### Task goal:
Would you transcribe the records below exactly, omitting every picture?

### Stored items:

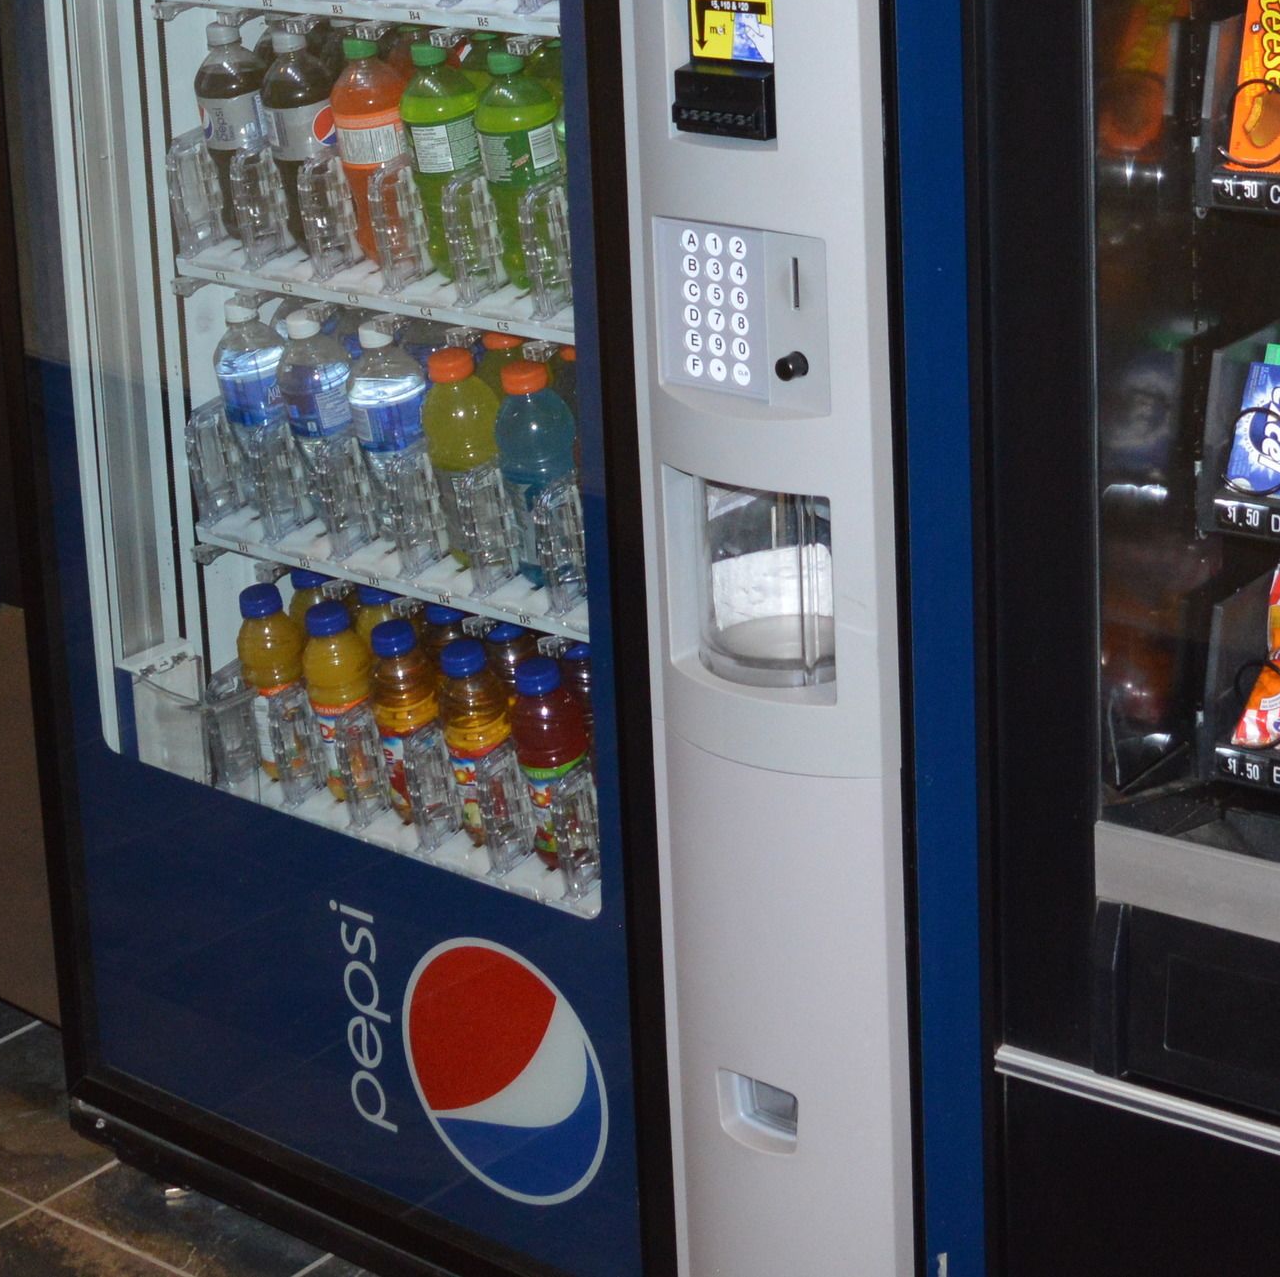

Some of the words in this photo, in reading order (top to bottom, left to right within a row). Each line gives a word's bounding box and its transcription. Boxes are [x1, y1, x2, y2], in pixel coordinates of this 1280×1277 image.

[332, 4, 344, 15] B3
[408, 10, 421, 21] B4
[477, 17, 490, 28] B5
[1223, 180, 1259, 200] $1.50
[687, 233, 697, 247] A
[734, 240, 743, 254] 2
[688, 258, 697, 271] B
[712, 262, 720, 275] 3
[735, 266, 744, 279] 4
[215, 271, 227, 282] C1
[281, 282, 293, 293] C2
[347, 293, 360, 304] C3
[419, 307, 433, 318] C4
[496, 321, 509, 332] C5
[688, 283, 698, 296] C
[713, 287, 721, 300] 5
[736, 291, 744, 304] 6
[690, 308, 699, 321] D
[713, 312, 722, 325] 7
[737, 316, 745, 330] 8
[691, 333, 700, 346] E
[714, 337, 723, 350] 9
[692, 358, 700, 371] F
[1227, 506, 1260, 528] $1.50
[368, 576, 380, 587] D3
[438, 594, 451, 605] D4
[518, 613, 531, 624] D5
[1227, 757, 1261, 781] $1.50
[328, 899, 399, 1134] pepsi

### Finished exercise:
Some of the words in this photo, in reading order (top to bottom, left to right within a row). Each line gives a word's bounding box and its transcription. Boxes are [x1, y1, x2, y2], in pixel coordinates of this 1280×1277 image.

[332, 4, 344, 15] B3
[408, 10, 421, 21] B4
[477, 17, 490, 28] B5
[1223, 180, 1259, 200] $1.50
[687, 233, 697, 247] A
[734, 240, 743, 254] 2
[688, 258, 697, 271] B
[712, 262, 720, 275] 3
[735, 266, 744, 279] 4
[215, 271, 227, 282] C1
[281, 282, 293, 293] C2
[347, 293, 360, 304] C3
[419, 307, 433, 318] C4
[496, 321, 509, 332] C5
[688, 283, 698, 296] C
[713, 287, 721, 300] 5
[736, 291, 744, 304] 6
[690, 308, 699, 321] D
[713, 312, 722, 325] 7
[737, 316, 745, 330] 8
[691, 333, 700, 346] E
[714, 337, 723, 350] 9
[692, 358, 700, 371] F
[1227, 506, 1260, 528] $1.50
[368, 576, 380, 587] D3
[438, 594, 451, 605] D4
[518, 613, 531, 624] D5
[1227, 757, 1261, 781] $1.50
[328, 899, 399, 1134] pepsi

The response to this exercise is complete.